Thursday, April 03, 2008

It does seem odd that I’m marketing software, although I’m not exactly marketing software, I’m an Account Manager for a company that makes admissions software for colleges, but you know, whatever, in any case the real question is what I’m doing in Cincinnati. For a long time I used to come back here almost every year around this tine, Passover you know, but not for a while, I think the last time I was here I went to opening day with my brother, and before that I went to opening day with my dad, and the umpire dropped dead in the third inning so we went home but we came back the next day. It was sad. Opening day is the first day of the baseball season, I suppose not everybody knows that, the Reds always have the first game of the season and that was Monday, the first day I was here, opening day for the Reds. Nobody lives here that I know any more, except my dad and Jimmy Eichmann, that’s all I can think of, but the trees are still the same, even though the temperature is the same as in Berkeley, high of 62 low of 48, the trees know where they are and as I was driving down the street past the white brick houses—never brick in California, you know—it was the look and smell of spring here, it was like driving to Grandma’s house.
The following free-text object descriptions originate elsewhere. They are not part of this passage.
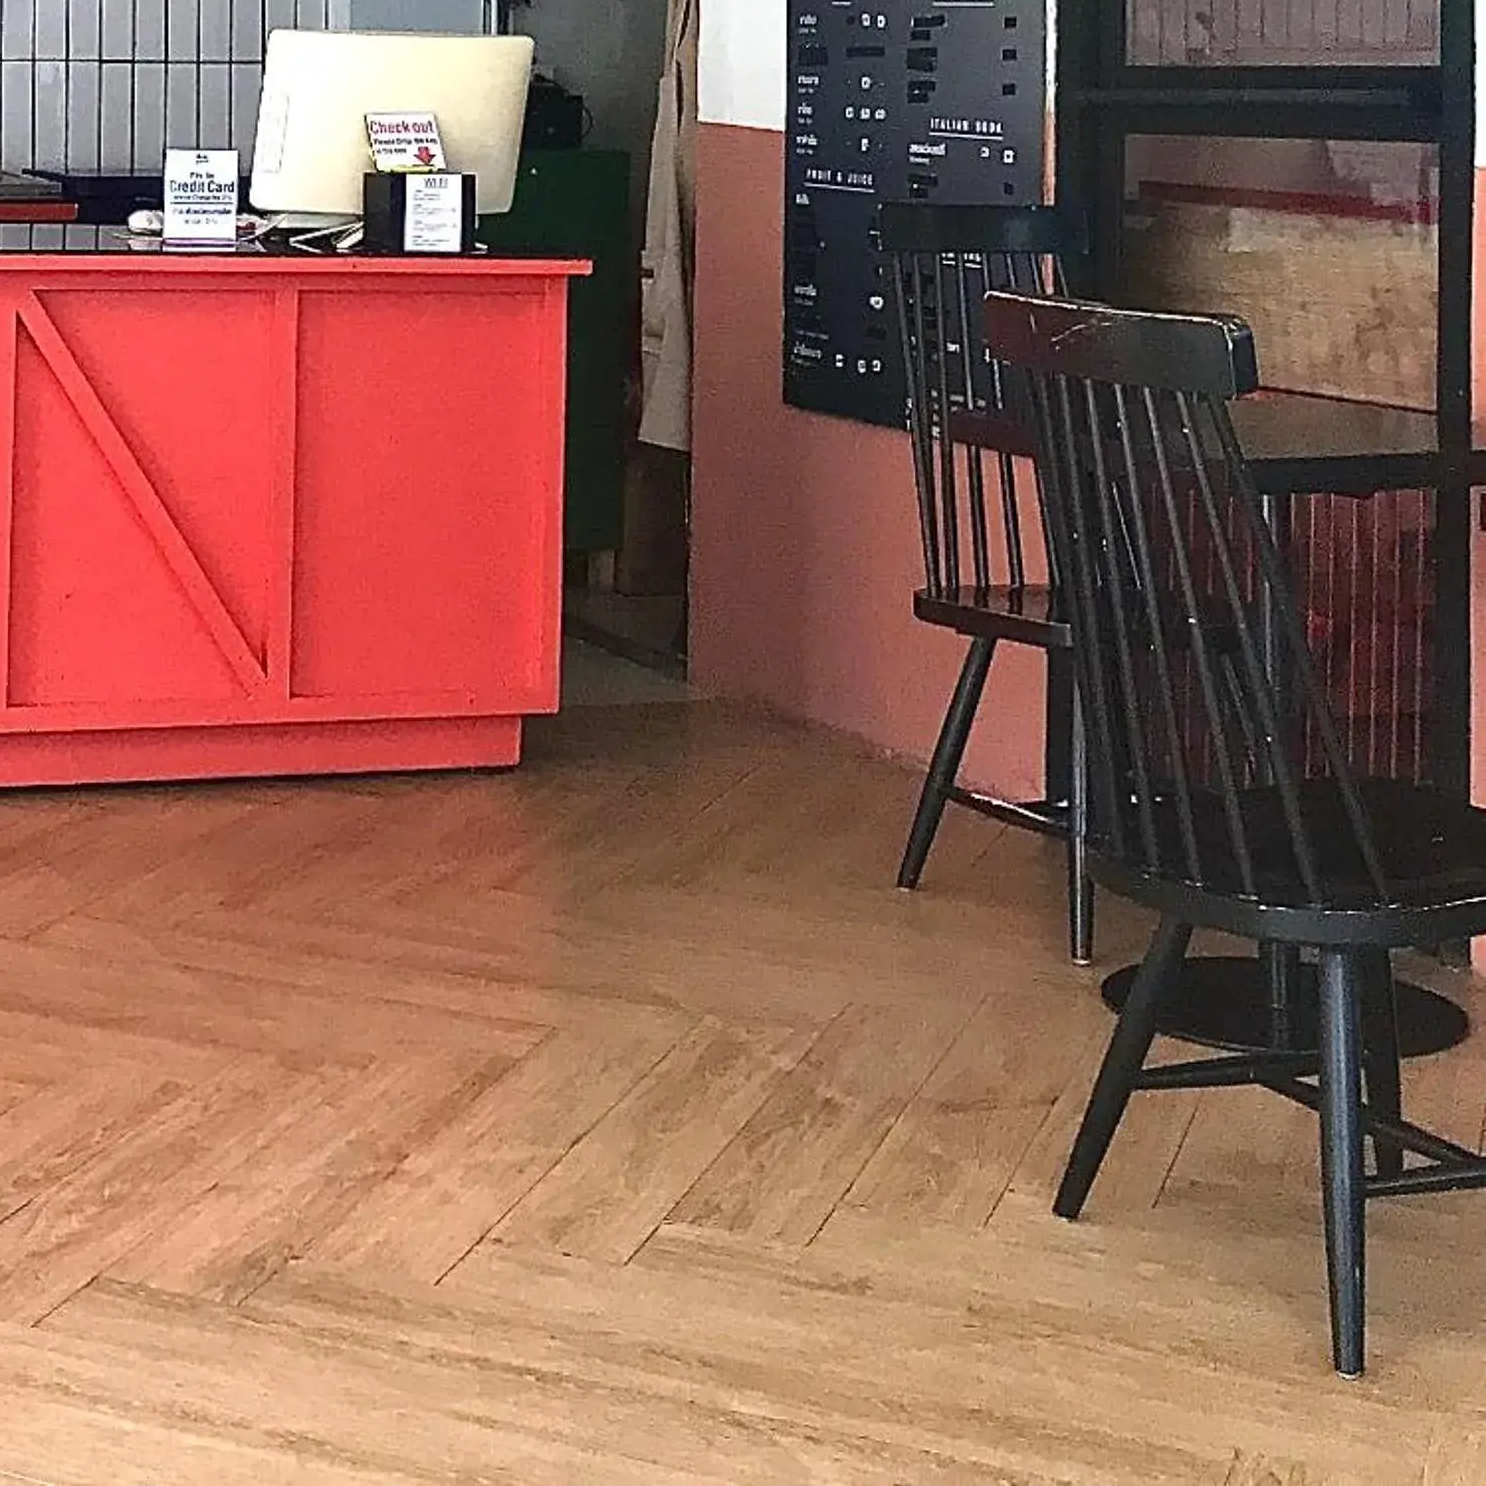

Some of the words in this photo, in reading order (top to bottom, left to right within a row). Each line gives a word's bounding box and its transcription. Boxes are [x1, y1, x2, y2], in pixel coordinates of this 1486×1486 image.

[370, 120, 411, 133] Check
[412, 120, 434, 133] out
[930, 117, 969, 131] ITALIAN
[806, 168, 832, 181] FRUIT
[169, 180, 205, 193] Credit
[207, 180, 234, 193] Card
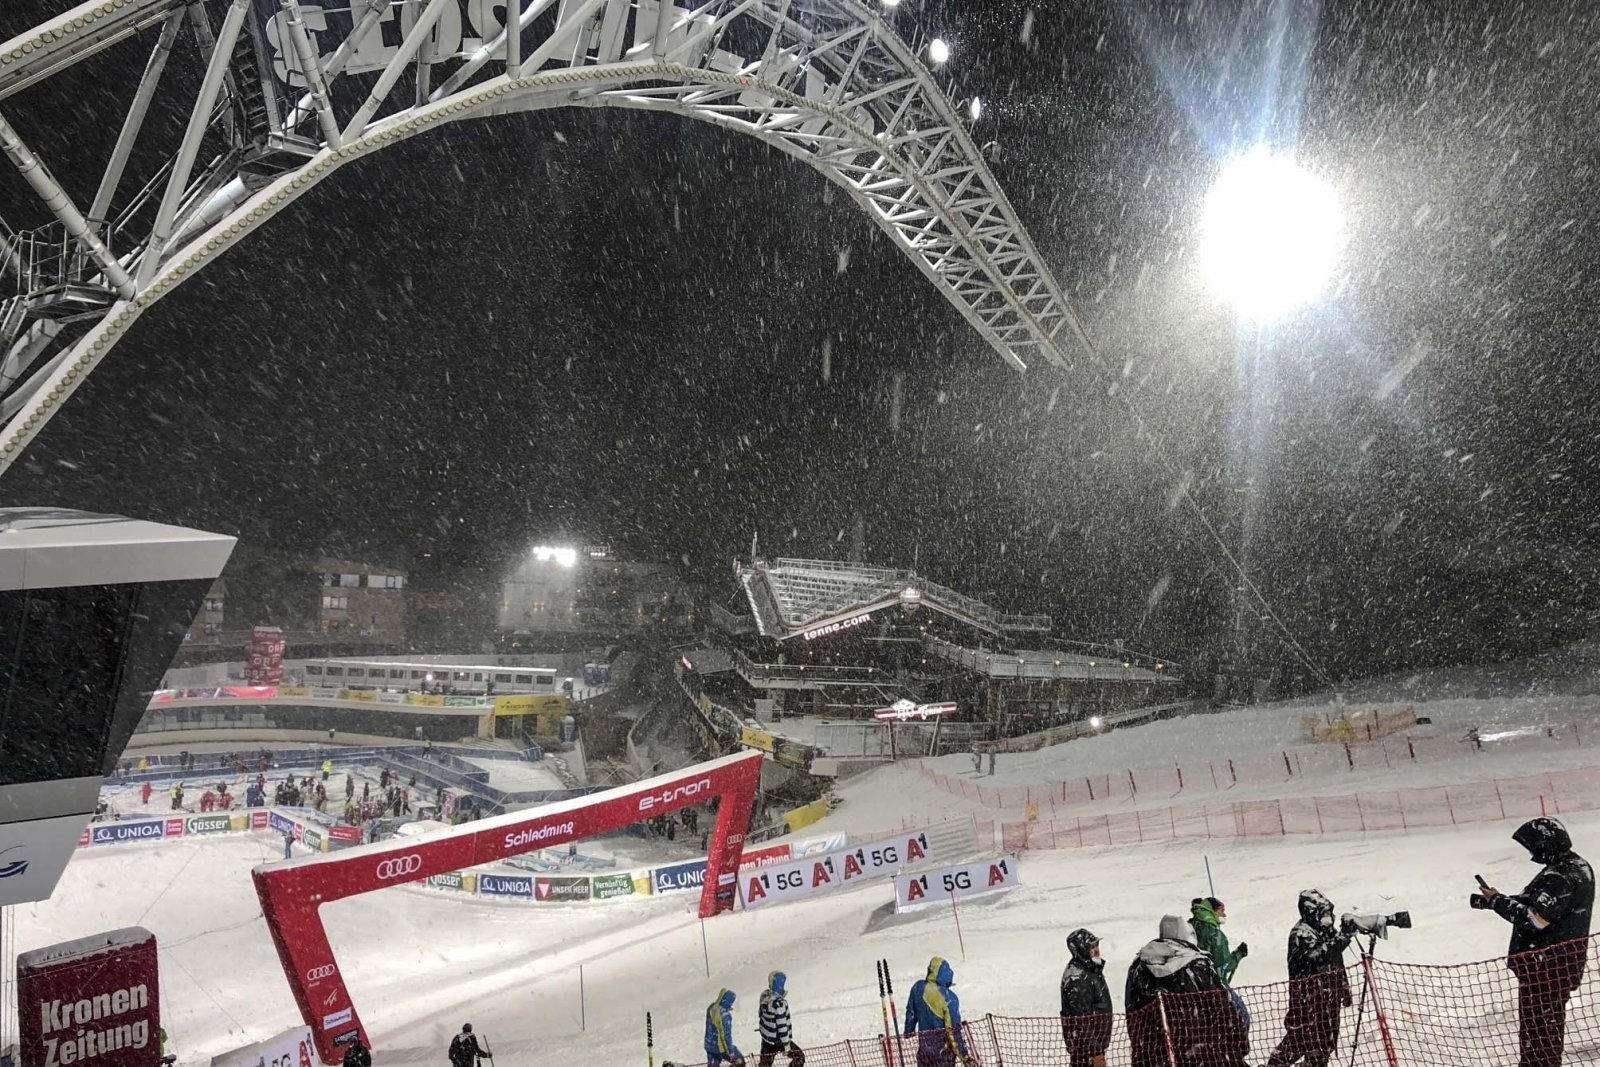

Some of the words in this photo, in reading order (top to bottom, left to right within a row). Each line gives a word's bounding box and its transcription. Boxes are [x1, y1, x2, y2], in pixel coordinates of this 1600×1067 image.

[803, 613, 870, 640] tenne.com
[638, 778, 710, 811] e-tron
[117, 825, 161, 838] UNIQA
[503, 821, 574, 848] Schladming
[844, 849, 865, 881] A1
[872, 847, 898, 867] 5G
[907, 833, 928, 863] A1
[498, 880, 531, 893] UNIQA
[552, 885, 572, 894] UNSER
[573, 886, 588, 894] HEER
[748, 872, 770, 903] A1
[776, 870, 803, 890] 5G
[812, 856, 834, 887] A1
[907, 875, 928, 901] A1
[943, 871, 971, 892] 5G
[988, 859, 1008, 886] A1
[41, 984, 148, 1034] Kronen
[43, 1019, 149, 1067] Zeitung
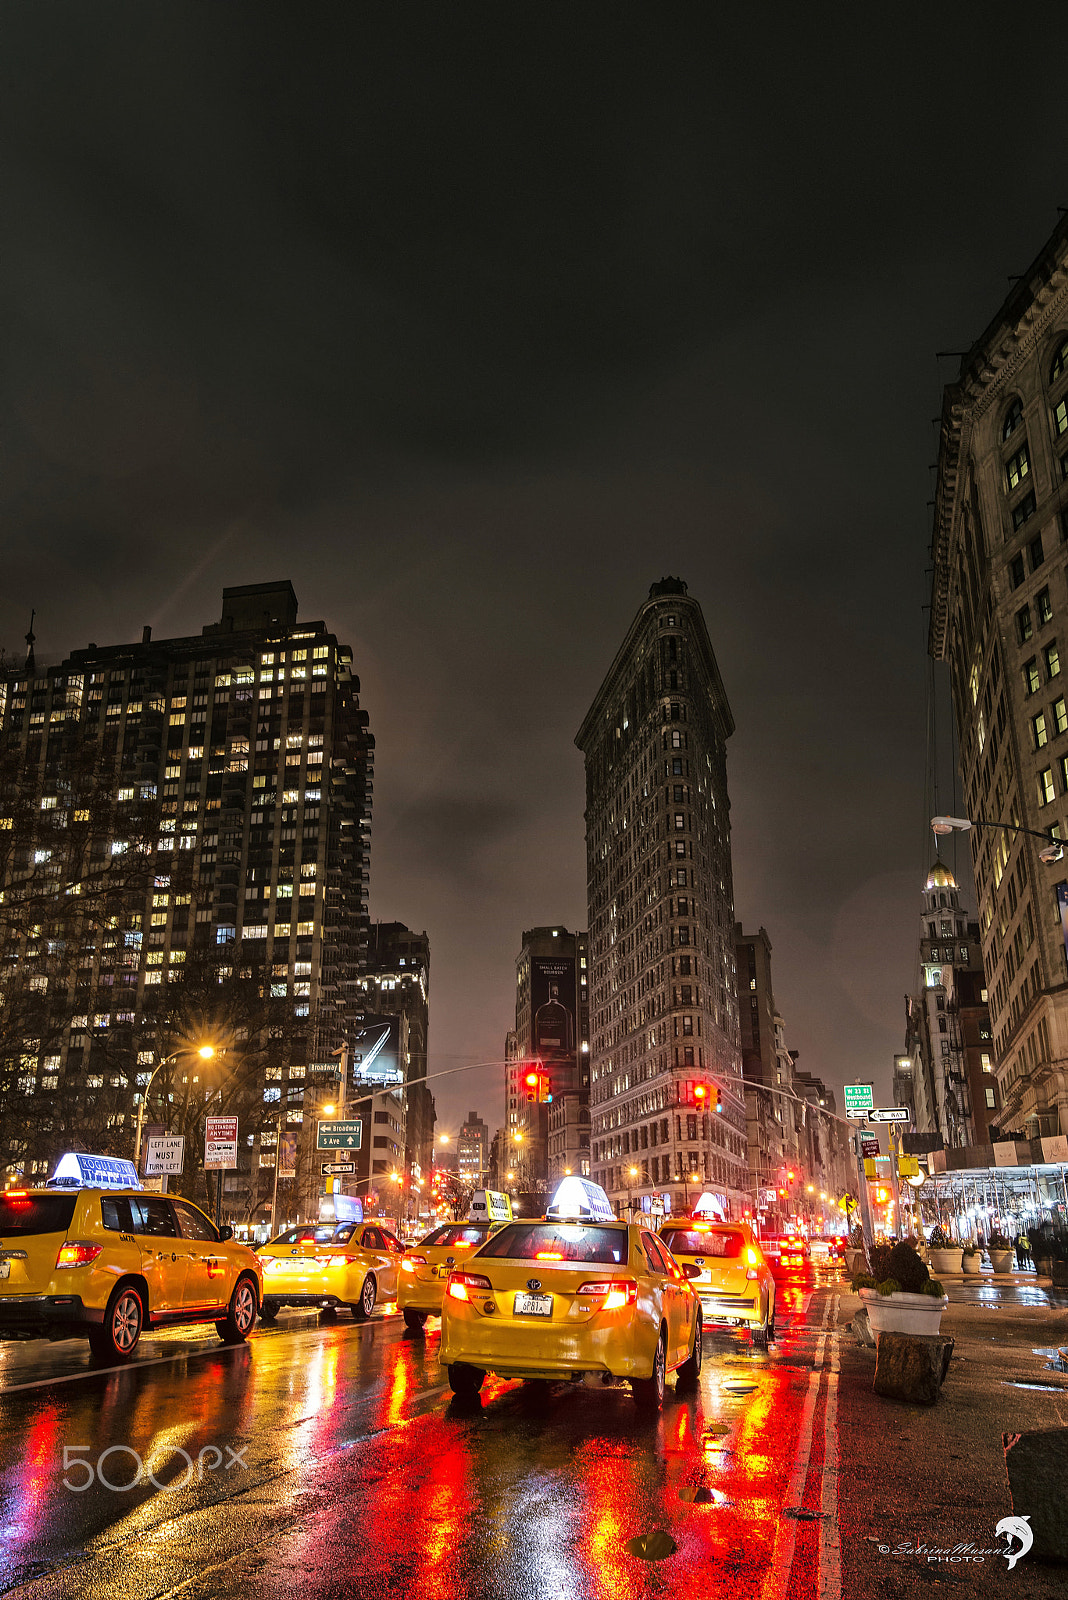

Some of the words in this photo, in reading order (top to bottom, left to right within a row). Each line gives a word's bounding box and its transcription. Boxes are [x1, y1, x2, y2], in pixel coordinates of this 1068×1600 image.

Even though Cincinnati is a grotesquely middle-aged city, I’m somehow too old to be here; when I make a joke about Bob Braun or Kash Amburgy, I might as well be talking about Fred Allen or Edgar Bergen. The women who do the same job I do here are in their twenties and are like the girls with whom I went to school, with their straight blonde hair and flat Midwestern vowels, business majors from the University of Dayton, except of course they are the daughters of my classmates from Wyoming High School. And last night I dreamed about Paul Trupin, my high school friend who died at 33, but every time I see him I remember that he’s not really dead, that was misreported, everyone thinks that but no, he’s back in Cincinnati, but just passing through. Usually I’m trying to see him but can’t, but this time he wanted to stay with me while he’s here, which of course there are some friends to whom one never says no. So it’s good to see my dad and to see Paul, and as for the rest, you know, some things don’t change, vis-à-vis Moronicity, and to think I could be a podgy rock star with bad hair and make-up. Tracy, maybe it’s just the picture, but you look about one hundred and fifty seven times better than Robert Smith.

3 comments:

Bud said...

Say hi to Jimmy and Paul, to the class of '04 of Wyoming High, and to your dad of course.

J Blood said...

Paul is a deadman. Miss him miss him.

JimPreston said...

The dust sure do blow back sometimes, eh?

You should come the rest of the way to the East Coast at the end of your adventure to check out the Peace Bus and the DC scene.